CHAPTER 1
Finding Your Personal Guide
Erica has (reluctantly, I admit) sought the help of a therapist. Her psychologist, Dr. Kathy Johnson, decided that Erica was a suitable client for her therapy based on a clinical assessment. Please look back at the questions Kathy asked Erica. If your response to any of those questions is yes, I strongly urge you to work with a therapist who has expertise in those areas.
Regardless of your assessment, if you decide to seek therapy, I encourage you to make sure the therapist is a licensed mental health professional, not simply a person who advertises her- or himself as certified. Psychiatrists, psychologists, clinical social workers, marriage and family therapists, and pastoral counselors are rigorously trained professionals. They have been tested with state and national exams and must comply with ethical standards. Training in these professions involves many years and is scrutinized by various boards. When you seek the help of a therapist, be sure that professional is licensed by your state to treat mental health issues. Interview them about their degrees and years of training. After all, if you only needed well-intended advice, you could ask a friend!
August 9
Pie day!
I got out some really nice unlined paper, some multicolored sharpies, and started making pies by tracing around a pie pan (of course!) to make sure that they were perfect circles.
The first pie was Mother. The second one: guys. The third one was my sister, Laura. And since I was getting good at tracing these pie shapes, I made a few more: work and boss, along with an abstract one (dreams for the future) and a silly one (my hair and freckles).
I stopped before I built a whole pie shop.
Feeling oh-so in command, I drew up a color key, figuring I'd get extra points for having such classy-looking pies. My slivers of the pies will be yellow, while my mother's will be blue (luckily, I have two blue markers on hand since I may need a lot of that color!). My sister's color can be pink, which she'd like very much — so feminine. Guys are red, work will be green, and I have a fuchsia marker for my boss.
So far, lots of fun. Then, I hit a wall. If Pie One represents all my problems with my mother, can I really color the whole thing blue? It dawned on me right away that I was going to have to color some slivers with my yellow pen if I'm being really honest.
I almost tossed the pies. This was not fun after all.
I spent the whole evening on one pie, mostly staring at the shape and getting weepy — partly out of self-pity, but also a bit out of embarrassment at how judgmental I've been toward my mother, while I've been overly forgiving of my father and oblivious to my own responsibility for the problems in my relationship with Mom.
I almost called her to apologize, but she wouldn't understand this bit about pies, and knowing me, I'd probably get annoyed at something she said and we'd be back in the thick of it.
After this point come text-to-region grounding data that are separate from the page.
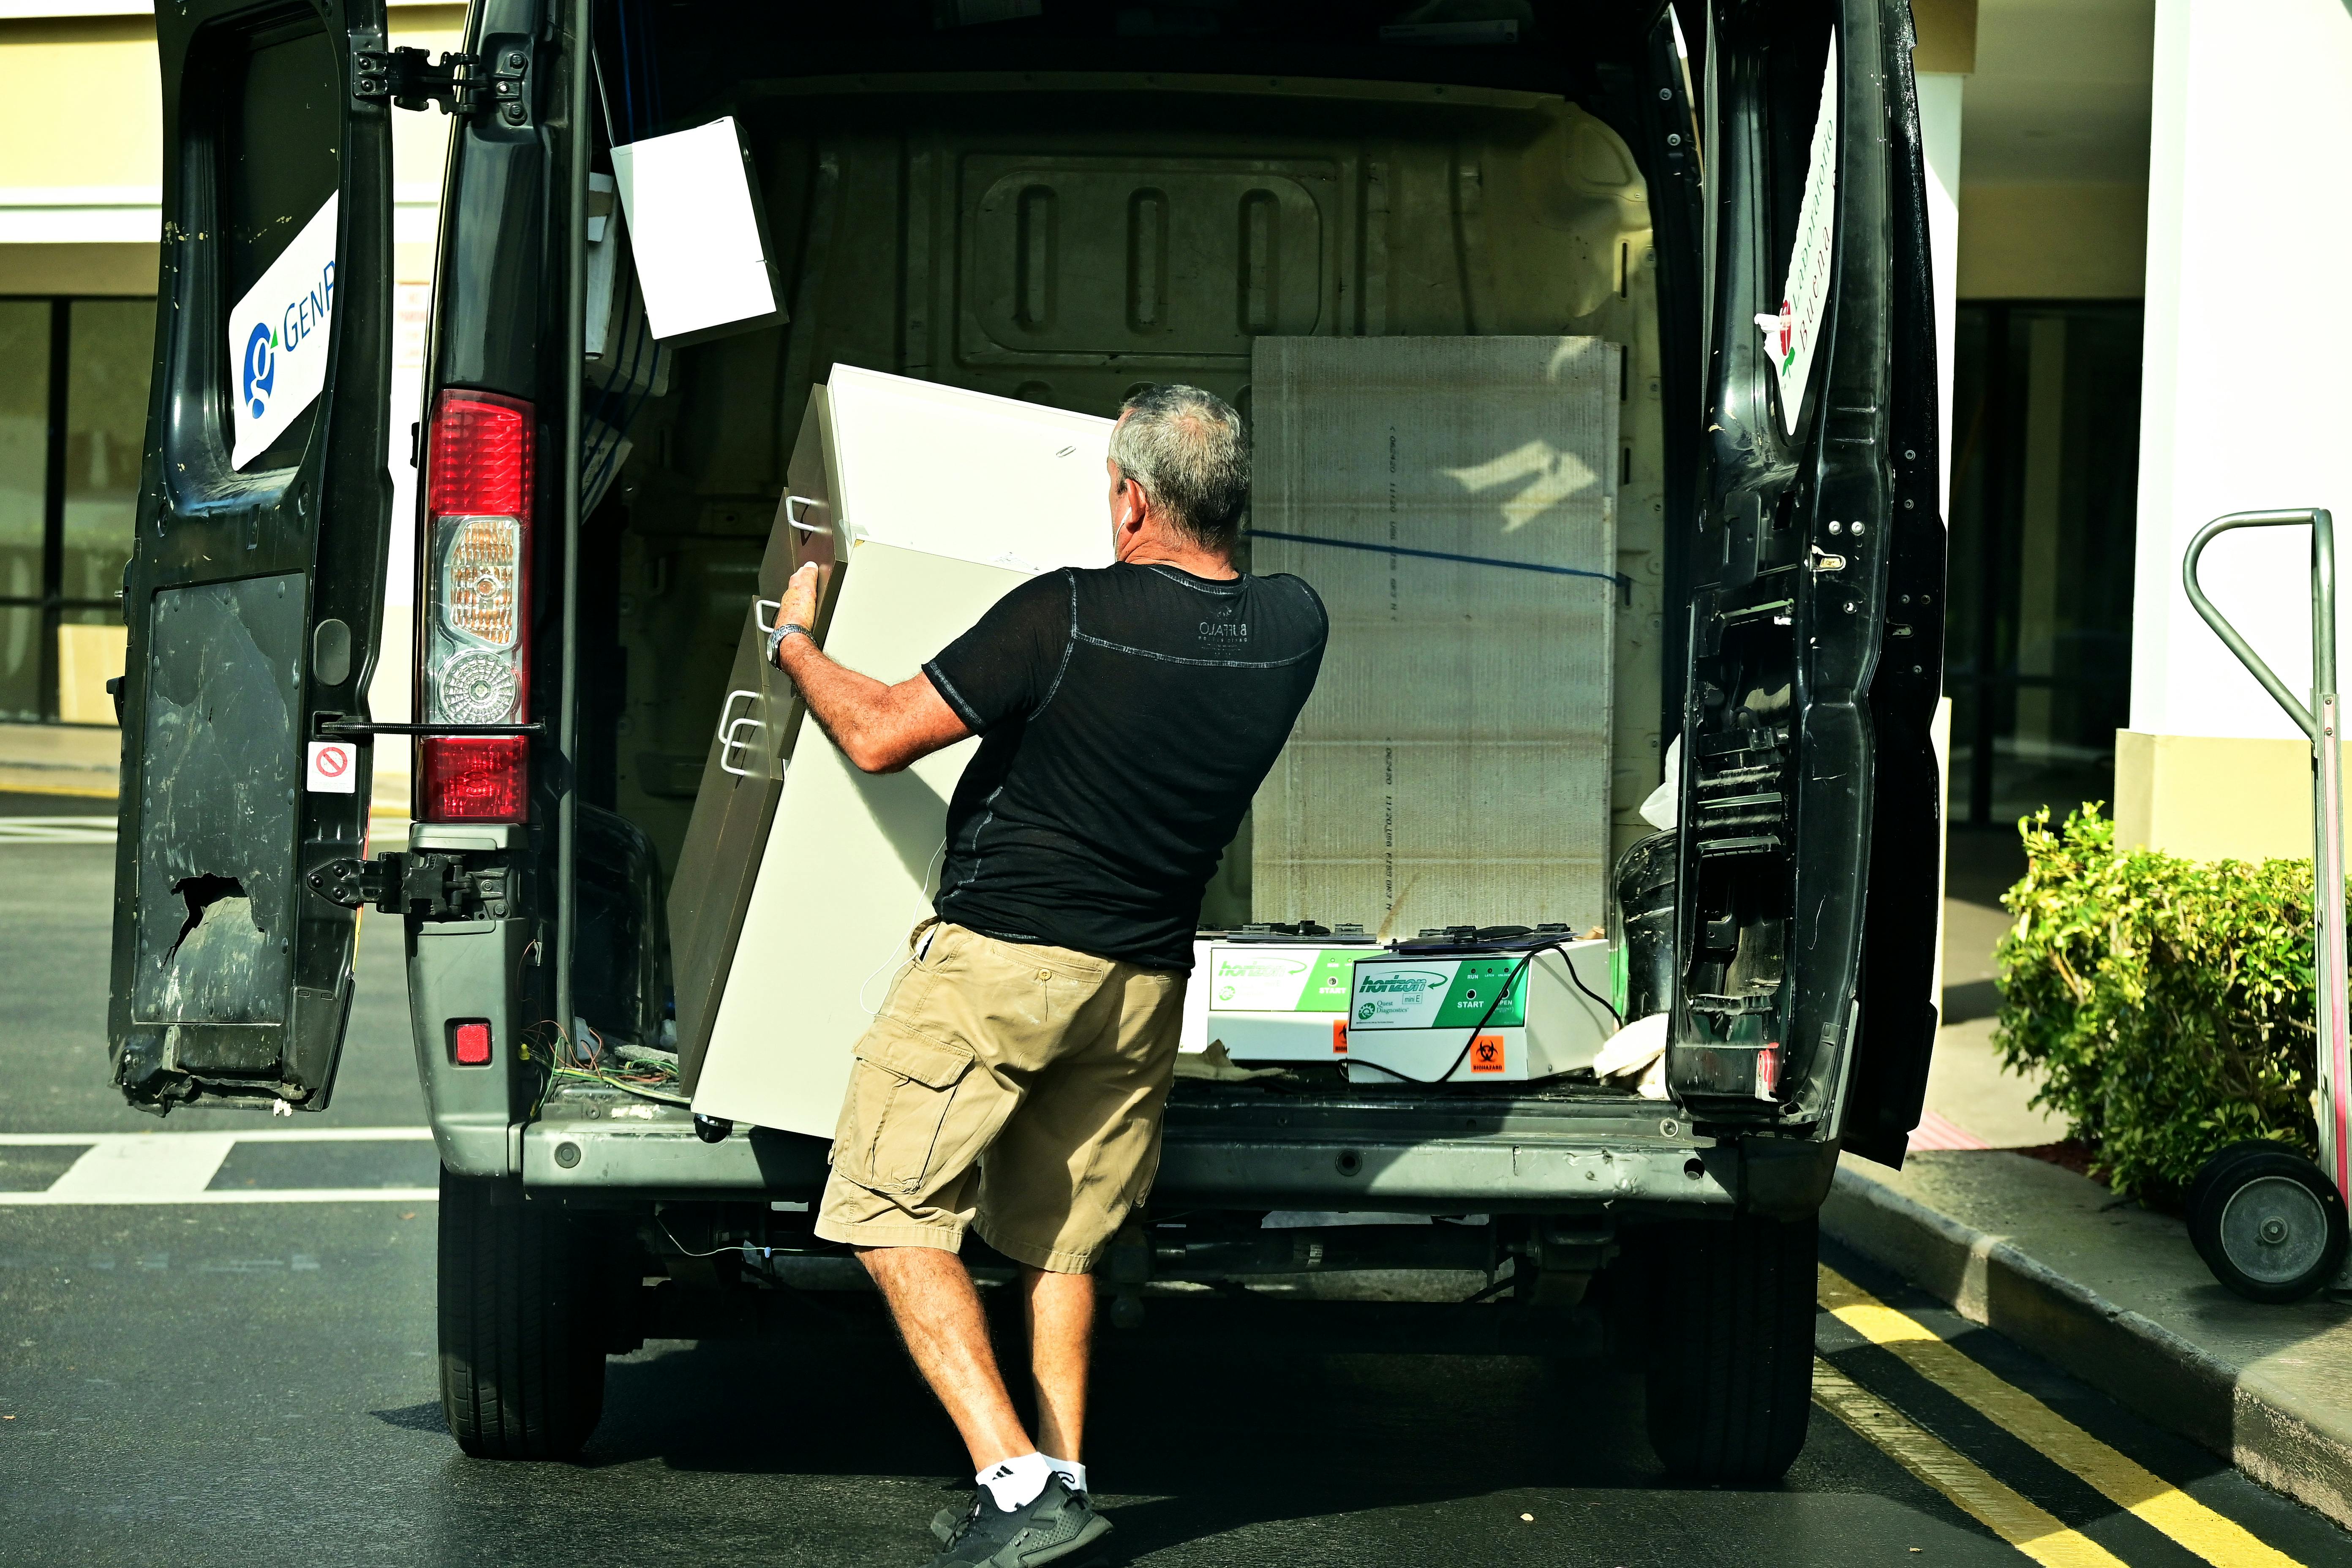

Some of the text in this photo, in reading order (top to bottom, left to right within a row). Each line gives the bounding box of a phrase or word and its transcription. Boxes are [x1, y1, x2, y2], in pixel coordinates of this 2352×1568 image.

[1799, 226, 1829, 353] Buena
[1218, 961, 1286, 977] horizon
[1359, 975, 1426, 993] horizon
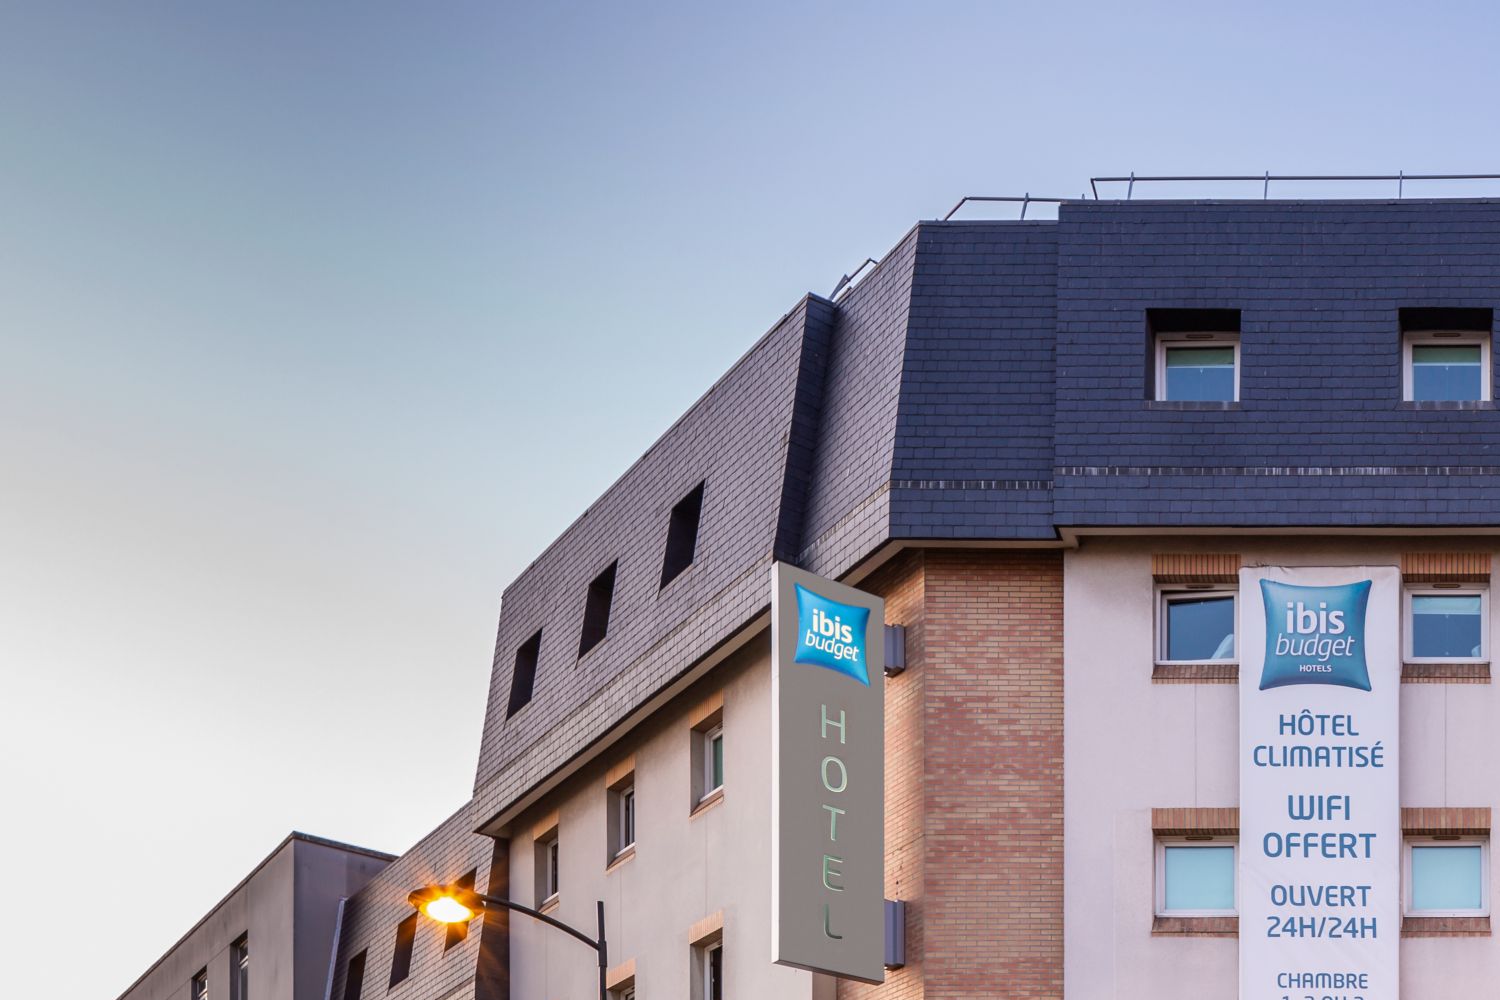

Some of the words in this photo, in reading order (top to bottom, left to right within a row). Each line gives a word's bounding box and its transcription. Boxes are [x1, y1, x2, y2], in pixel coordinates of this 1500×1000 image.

[811, 608, 853, 644] ibis
[1286, 601, 1345, 634] ibis
[804, 632, 860, 663] budget
[1275, 632, 1355, 662] budget
[1299, 664, 1332, 673] HOTELS
[1279, 708, 1360, 737] HÔTEL
[1253, 740, 1384, 768] CLIMATISÉ
[820, 703, 848, 941] HOTEL
[1287, 795, 1351, 821] WIFI
[1263, 832, 1377, 859] OFFERT
[1270, 884, 1372, 907] OUVERT
[1266, 915, 1377, 939] 24H/24H
[1277, 972, 1369, 990] CHAMBRE
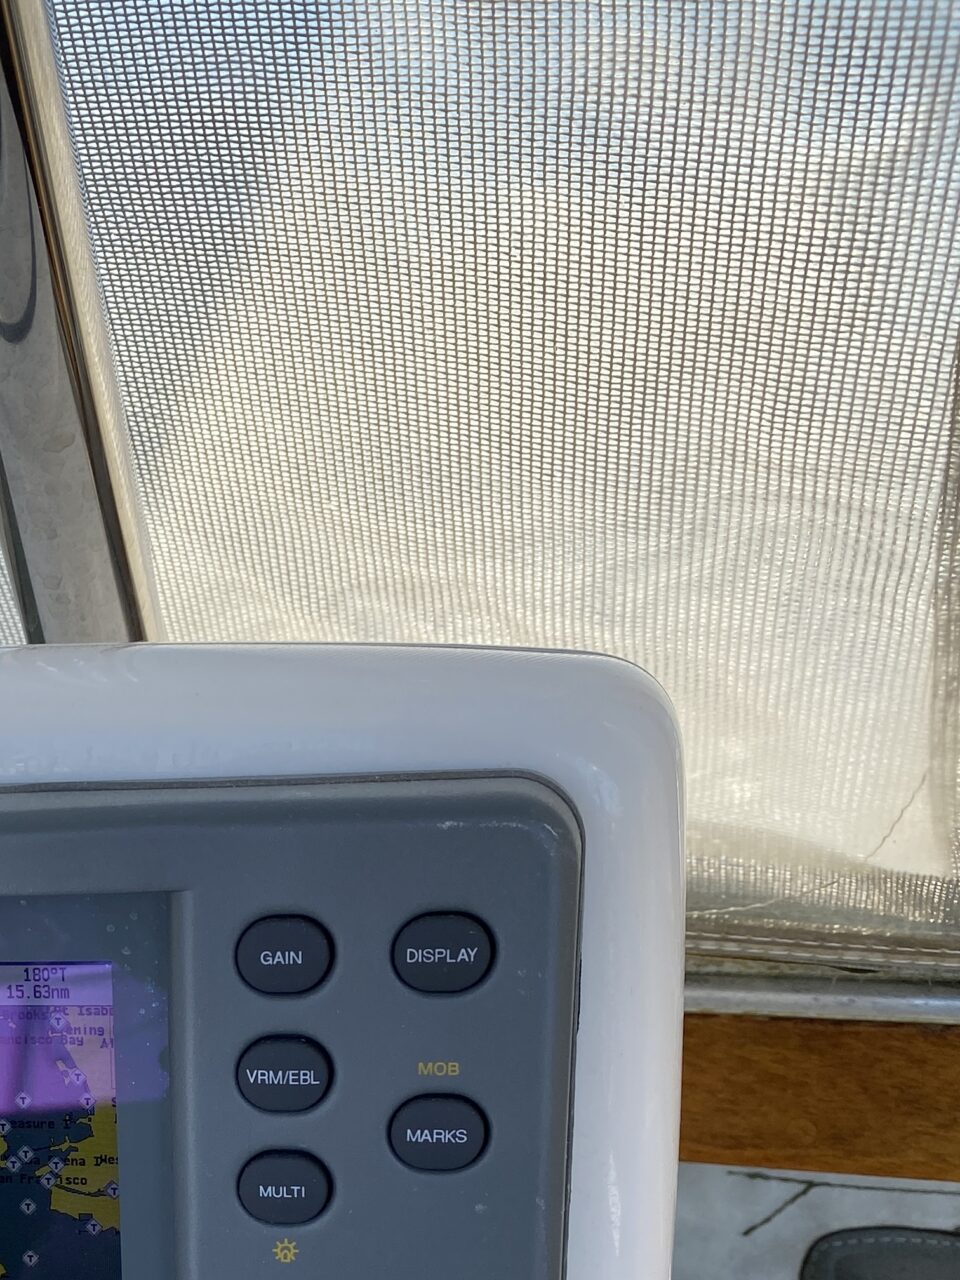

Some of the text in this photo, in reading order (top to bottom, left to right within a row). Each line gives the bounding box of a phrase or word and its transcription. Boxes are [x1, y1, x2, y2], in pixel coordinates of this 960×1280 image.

[260, 950, 302, 965] GAIN
[406, 947, 478, 963] DISPLAY
[6, 984, 70, 999] 15.63nm
[418, 1062, 460, 1076] MOB
[246, 1069, 320, 1085] VRM/EBL
[406, 1129, 468, 1143] MARKS
[259, 1184, 305, 1198] MULTI
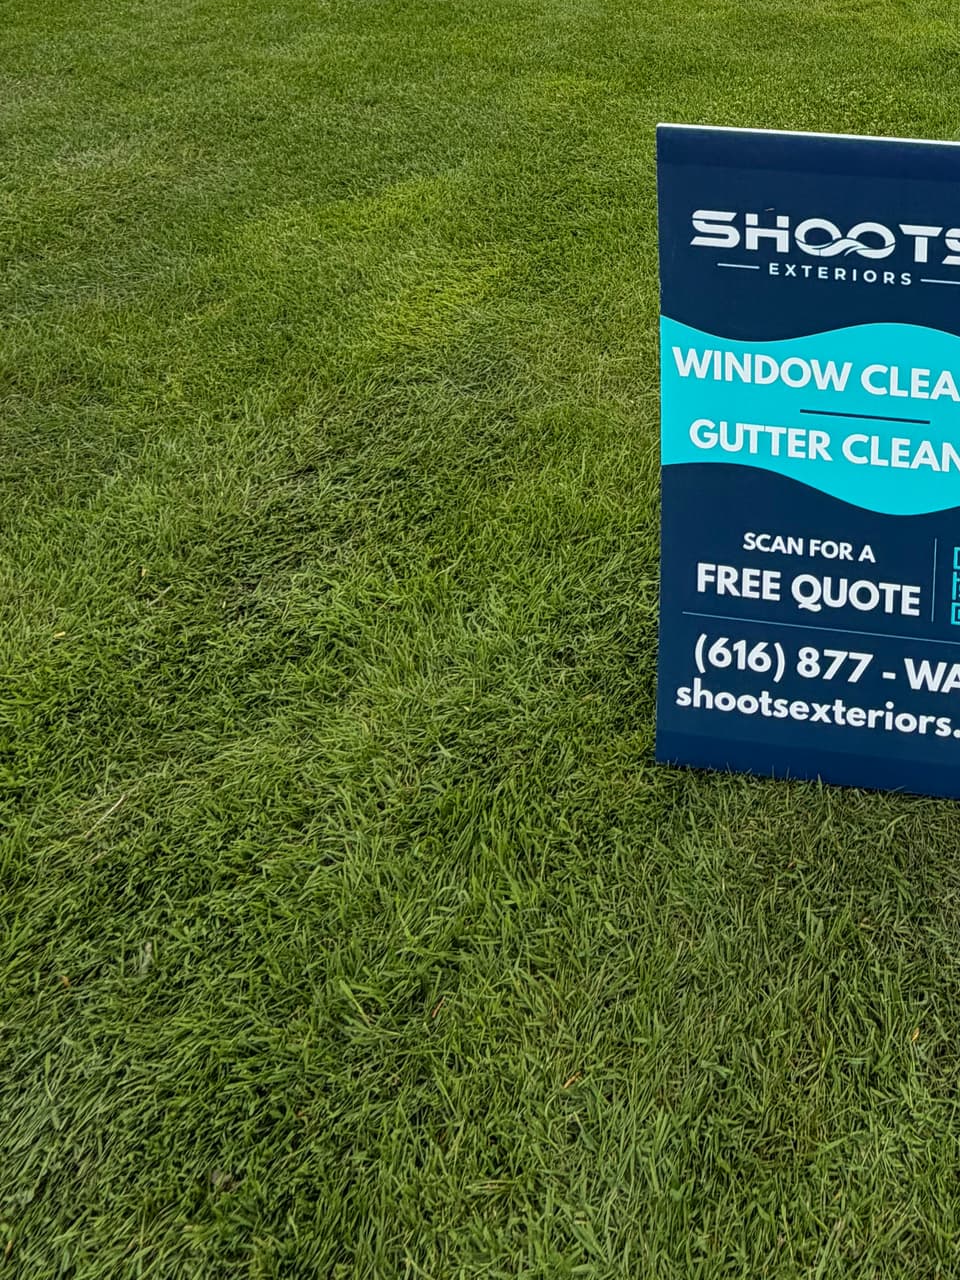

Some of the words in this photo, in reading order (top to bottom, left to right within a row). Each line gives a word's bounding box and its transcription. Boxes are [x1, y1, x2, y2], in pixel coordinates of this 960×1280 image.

[769, 262, 913, 286] EXTERIORS
[672, 346, 853, 392] WINDOW
[689, 419, 833, 461] GUTTER
[742, 532, 804, 556] SCAN
[809, 539, 854, 561] FOR
[858, 544, 876, 563] A
[697, 562, 781, 601] FREE
[791, 574, 921, 617] QUOTE
[694, 633, 786, 683] (616)
[796, 646, 874, 683] 877
No, I decided to turn in my homework to Kathy first.
Pause Button
CHAPTER 2
Making Your Own Pie
On a blank sheet of paper, draw a circle to represent the outline of a pie (you don't have to make them perfect like Erica!).
Think of someone with whom you have a difficult relationship. Write that person's name above the pie.
Take a few minutes to sit back and really reflect on your typical conflicts or unpleasant interactions with this person. You'll get the best results from this exercise if you:
1. Set aside ten to fifteen minutes for this important exercise.
2. Pick a quiet place to do it, away from phones, TV, and other distractions.
3. Think of a general pattern or typical conflicts, or select a specific event.
You may see and hear many details as you examine this pie. It may surprise you to observe the internal drama that takes place in your brain's theater when you become your own audience. (By the way, this is a tool in itself, which will be discussed in more detail later in Tool #6, the meditation called Snowflakes.)
Now, having listened and observed, divide the pie up into slices. What portion of the pie is the fault of that difficult other? What portion belongs to other people who play some role in this conflict? Finally, what portion of the pie is yours? Don't skip this important part of the exercise. After all, your portion is the part of the pie you can most directly and effectively change. On the other hand, don't claim too much of the pie for yourself, thus omitting the parts that others play in creating this unsavory dish.
You now have a rough picture of this problem pie. It will be even more helpful if you add descriptors and details in each portion. Here are two examples — either one could be an accurate assessment, depending on the situation:
(1) "I have this much of the pie because I never speak up for myself with this person. I'm afraid of his anger, and I keep being nice no matter how he treats me!"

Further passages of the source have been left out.